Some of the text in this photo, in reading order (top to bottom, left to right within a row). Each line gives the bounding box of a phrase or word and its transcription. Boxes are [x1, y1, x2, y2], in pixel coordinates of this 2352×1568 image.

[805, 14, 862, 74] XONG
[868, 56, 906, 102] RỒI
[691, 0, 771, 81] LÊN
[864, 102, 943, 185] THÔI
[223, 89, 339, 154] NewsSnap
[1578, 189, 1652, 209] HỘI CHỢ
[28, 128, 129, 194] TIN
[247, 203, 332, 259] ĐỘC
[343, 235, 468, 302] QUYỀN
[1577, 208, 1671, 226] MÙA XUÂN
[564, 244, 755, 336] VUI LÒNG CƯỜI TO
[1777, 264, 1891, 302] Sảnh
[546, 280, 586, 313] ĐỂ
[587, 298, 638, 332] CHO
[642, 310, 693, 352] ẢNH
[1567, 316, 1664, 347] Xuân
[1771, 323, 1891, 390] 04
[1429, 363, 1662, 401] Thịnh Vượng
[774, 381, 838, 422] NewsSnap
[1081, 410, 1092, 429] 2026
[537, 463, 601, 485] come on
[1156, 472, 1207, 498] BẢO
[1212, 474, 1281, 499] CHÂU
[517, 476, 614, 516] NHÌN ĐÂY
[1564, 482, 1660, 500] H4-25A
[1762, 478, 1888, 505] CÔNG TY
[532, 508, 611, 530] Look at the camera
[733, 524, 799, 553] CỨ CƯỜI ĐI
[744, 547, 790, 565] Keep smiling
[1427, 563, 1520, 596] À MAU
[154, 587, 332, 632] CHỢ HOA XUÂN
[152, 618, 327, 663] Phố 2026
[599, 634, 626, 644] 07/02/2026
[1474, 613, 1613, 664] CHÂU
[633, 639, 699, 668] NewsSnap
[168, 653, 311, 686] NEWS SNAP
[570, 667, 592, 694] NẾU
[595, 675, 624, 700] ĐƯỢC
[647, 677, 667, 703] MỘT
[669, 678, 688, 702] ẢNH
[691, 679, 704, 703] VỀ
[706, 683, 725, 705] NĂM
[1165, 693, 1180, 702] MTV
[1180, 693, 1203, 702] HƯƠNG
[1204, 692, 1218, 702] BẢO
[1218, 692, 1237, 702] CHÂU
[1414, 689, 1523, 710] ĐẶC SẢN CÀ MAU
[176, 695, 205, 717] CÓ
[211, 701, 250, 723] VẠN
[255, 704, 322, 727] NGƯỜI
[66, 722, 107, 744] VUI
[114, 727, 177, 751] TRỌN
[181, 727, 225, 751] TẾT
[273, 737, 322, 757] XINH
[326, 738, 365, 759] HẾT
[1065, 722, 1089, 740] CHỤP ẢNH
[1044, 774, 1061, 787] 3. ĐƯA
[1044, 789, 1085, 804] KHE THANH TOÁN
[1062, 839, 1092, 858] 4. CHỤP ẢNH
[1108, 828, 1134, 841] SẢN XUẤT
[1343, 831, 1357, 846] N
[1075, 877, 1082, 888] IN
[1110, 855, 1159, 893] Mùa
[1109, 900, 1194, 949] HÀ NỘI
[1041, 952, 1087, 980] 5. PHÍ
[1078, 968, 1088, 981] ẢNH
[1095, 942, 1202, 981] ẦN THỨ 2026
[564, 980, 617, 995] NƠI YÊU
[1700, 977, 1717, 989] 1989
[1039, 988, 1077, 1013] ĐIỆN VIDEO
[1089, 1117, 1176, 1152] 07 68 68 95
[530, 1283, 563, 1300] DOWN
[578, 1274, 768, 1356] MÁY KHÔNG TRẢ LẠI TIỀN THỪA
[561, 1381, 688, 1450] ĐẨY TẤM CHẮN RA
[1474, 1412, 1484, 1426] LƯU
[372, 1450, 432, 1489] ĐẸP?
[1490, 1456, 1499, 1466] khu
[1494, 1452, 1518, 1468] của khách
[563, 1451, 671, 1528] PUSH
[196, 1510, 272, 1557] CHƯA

# Exercise details
Whenever a line includes the word "CƯỜI", pull it out of the entries.

# Answer
[564, 244, 755, 336] VUI LÒNG CƯỜI TO
[733, 524, 799, 553] CỨ CƯỜI ĐI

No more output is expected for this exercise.